For me, this form of a circle is much easier to remember. It's basically the Pythagorean theorem.
In your case:

$\displaystyle (x-5)^2 + (y-3)^2 = 10^2$
$x^2 - 10x +25 + y^2 -6y +9 = 100$​

..

 

[Navin]

For me, this form of a circle is much easier to remember. It's basically the Pythagorean theorem.
In your case:

$\displaystyle (x-5)^2 + (y-3)^2 = 10^2$
$x^2 - 10x +25 + y^2 -6y +9 = 100$​

..

Yea but 90% of the sums in our books are based on the other form of writting it.Plus we have all those T=0 rules and that whole lot of tangents ,radial axes and blah which can be best written in the other form, hence we have to remeber the General form

Exam wise its better for us...but i like the pythagoran one more...its more...clean !

 

[LCKurtz]

Since you have completely solved this problem, and since I had a little time to mess with Maple this weekend, here's a pdf of a Maple worksheet you might find interesting:

 

[neilparker62]

All good except last - need 10^2.

 

[YoungPhysicist]

One final graphic conclusion of this post:

The circle is based on the equation discussed above,not some random numbers,which means it’s “the answer”

 

[Navin]

Since you have completely solved this problem, and since I had a little time to mess with Maple this weekend, here's a pdf of a Maple worksheet you might find interesting:

Cooooollllll !

 

[SammyS]

One final graphic conclusion of this post:

[ ATTACH=full]231144[/ATTACH]

The circle is based on the equation discussed above,not some random numbers,which means it’s “the answer”
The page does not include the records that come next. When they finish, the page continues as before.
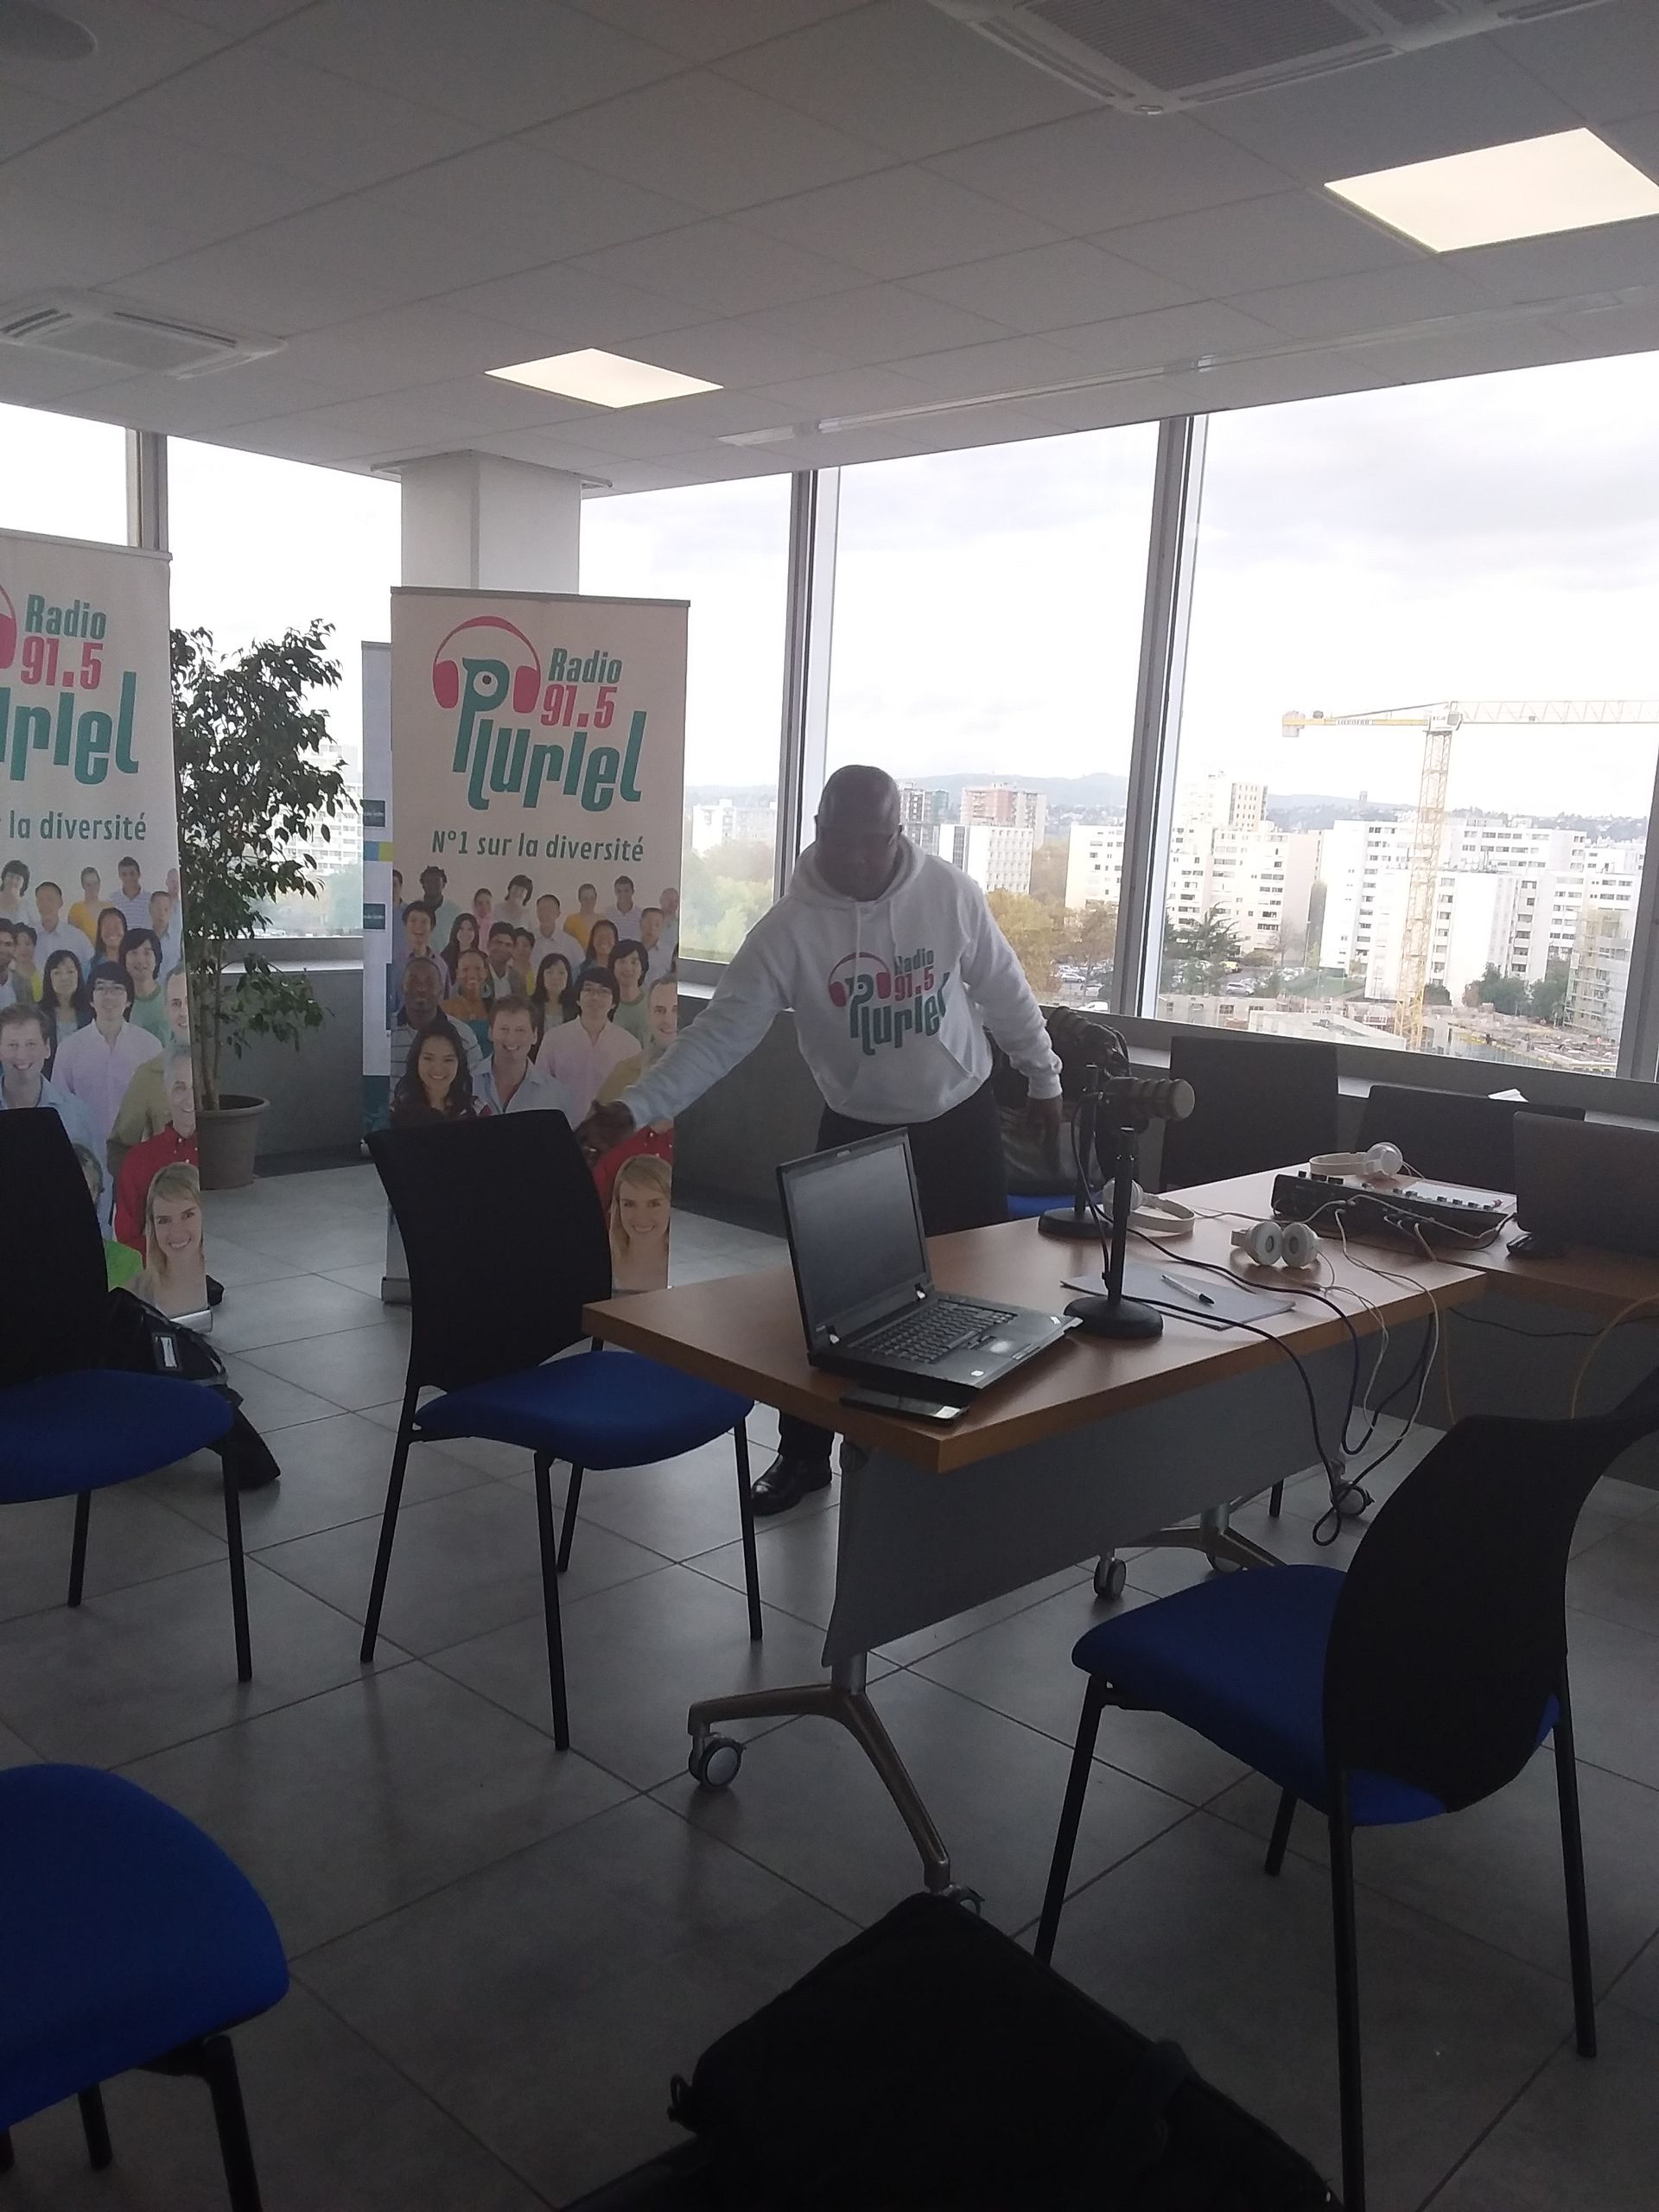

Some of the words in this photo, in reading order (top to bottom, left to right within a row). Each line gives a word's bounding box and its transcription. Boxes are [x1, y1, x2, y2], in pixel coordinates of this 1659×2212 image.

[25, 594, 106, 639] Radio
[20, 636, 103, 690] 91.5
[548, 648, 622, 683] Radio
[0, 671, 139, 785] riel
[540, 683, 618, 728] 91.5
[452, 658, 647, 811] Pluriel
[10, 810, 30, 838] la
[40, 810, 146, 841] diversité
[477, 836, 512, 856] sur
[518, 833, 538, 857] la
[546, 834, 644, 861] diversité
[894, 965, 934, 1001] 91.5
I'm guessing you refer to post below (#40), which doesn't give a reference regarding what it is replying to.

All good except last - need 10^2.

Checking back through posts in this tread, I had to go back to post 20, or 21 to find something this may apply to.
FYI: It helps to respond to a specific post or fragment of a post by using te "Reply" feature.

Below, @Navin makes it clear that he is replying to a thread by @LCKurtz , which by the way has a link to a pdf file which includes a very accurate graph as part of a complete solution for the problem in this thread.
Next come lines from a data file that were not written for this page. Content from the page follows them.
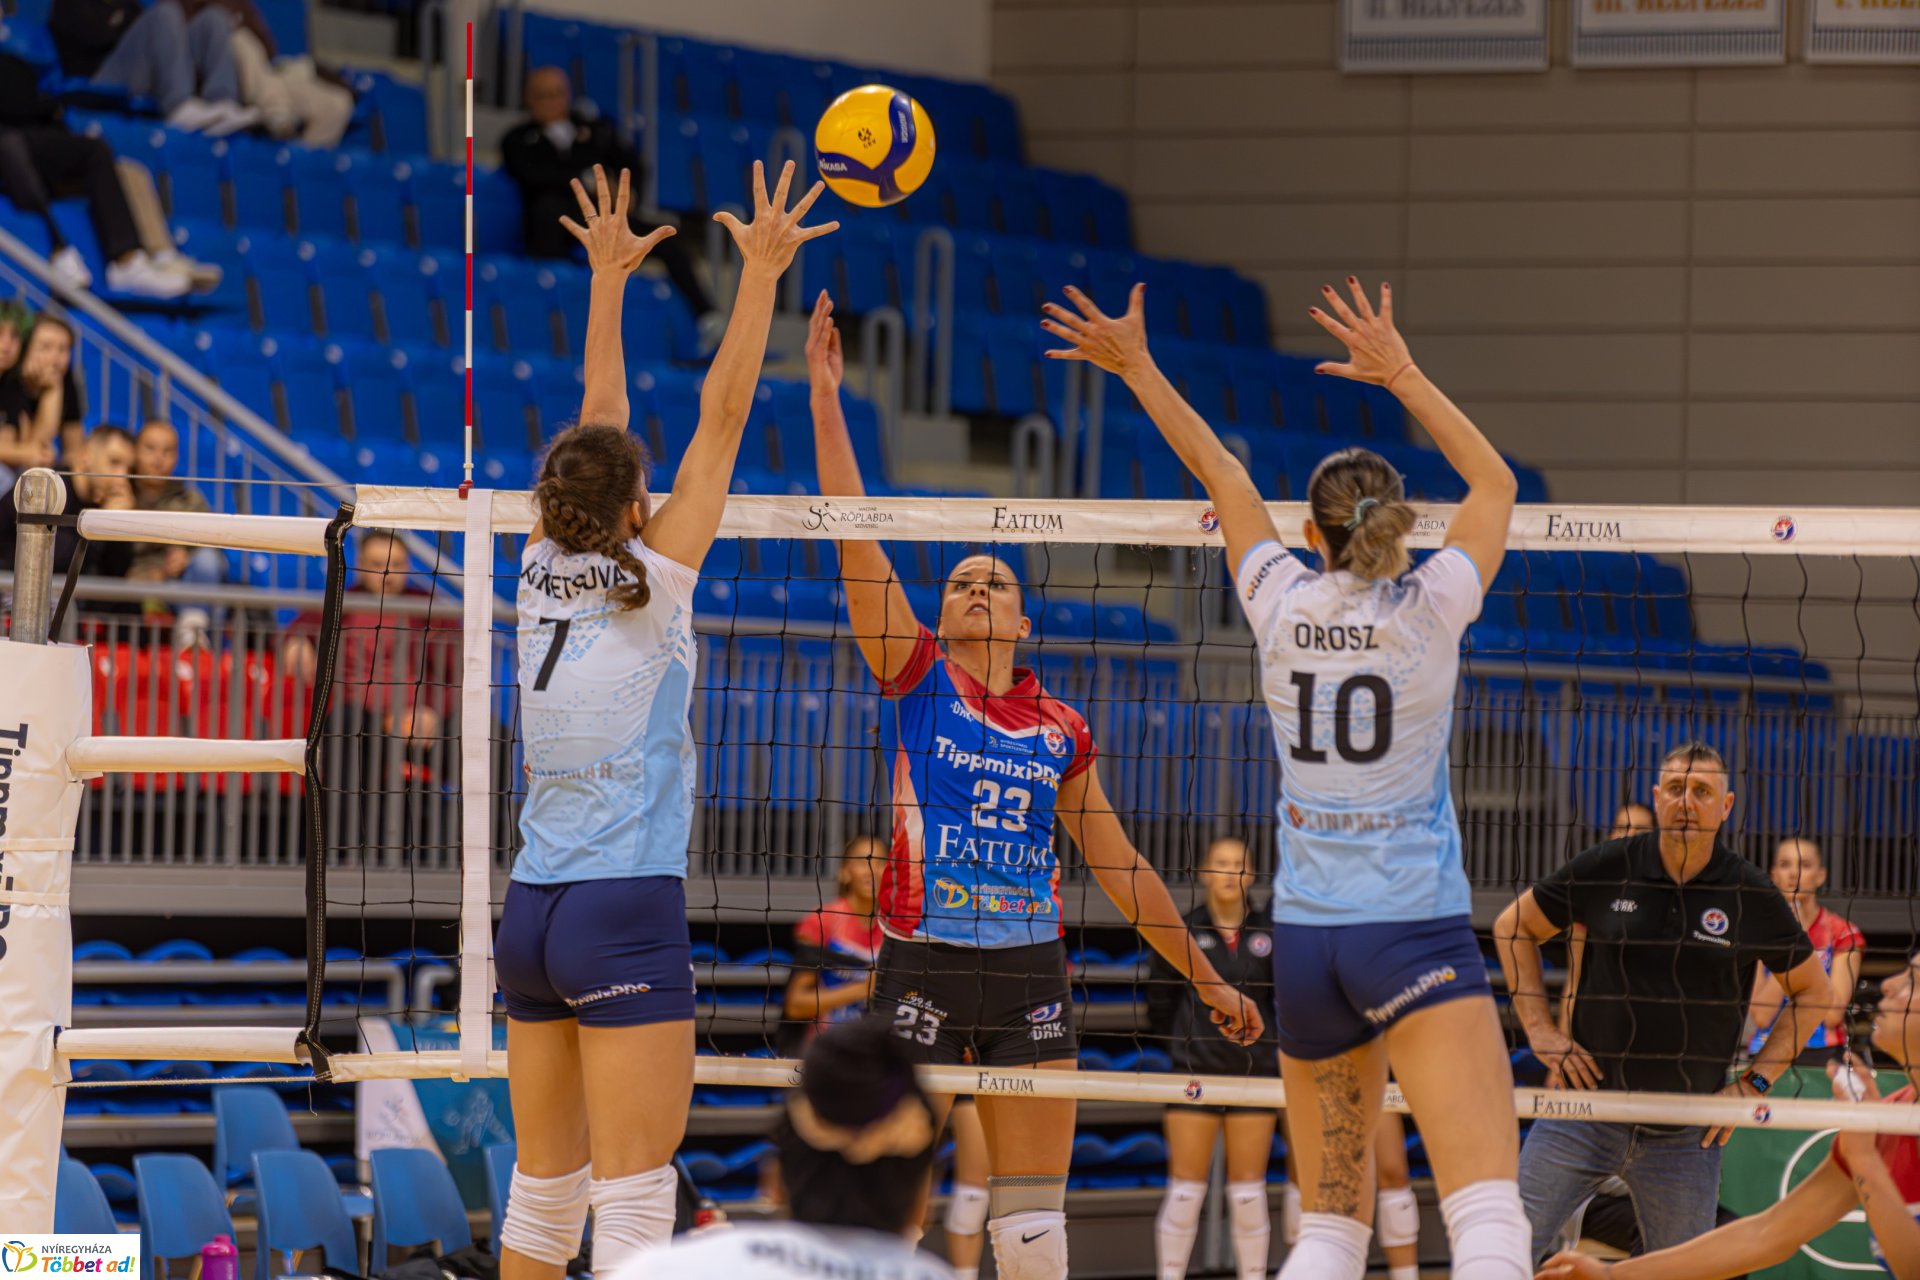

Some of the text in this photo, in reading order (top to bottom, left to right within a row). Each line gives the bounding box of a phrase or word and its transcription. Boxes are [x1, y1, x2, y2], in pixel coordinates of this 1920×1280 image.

[840, 511, 894, 523] RÖPLABDA
[533, 616, 571, 692] 7
[1294, 623, 1379, 651] OROSZ
[1289, 669, 1394, 766] 10
[970, 778, 1032, 833] 23
[893, 1003, 941, 1047] 23
Since you have completely solved this problem, and since I had a little time to mess with Maple this weekend, here's a pdf of a Maple worksheet you might find interesting:

Cooooollllll !

 

[Navin]

I'm guessing you refer to post below (#40), which doesn't give a reference regarding what it is replying to.

Checking back through posts in this tread, I had to go back to post 20, or 21 to find something this may apply to.
FYI: It helps to respond to a specific post or fragment of a post by using te "Reply" feature.

Below, @Navin makes it clear that he is replying to a thread by @LCKurtz , which by the way has a link to a pdf file which includes a very accurate graphical representation of the solved problem for this thread.

Wow...this is the first time someone has analysed by words with such vigor ! +1 Navyn point to you.

You can collect +1 Navin points to get a Mega-Vyn point and subsequently go on and on to get a giga-Vyn Point.

 

[Chestermiller]

Wow...this is the first time someone has analysed by words with such vigor ! +1 Navyn point to you.

You can collect +1 Navin points to get a Mega-Vyn point and subsequently go on and on to get a giga-Vyn Point.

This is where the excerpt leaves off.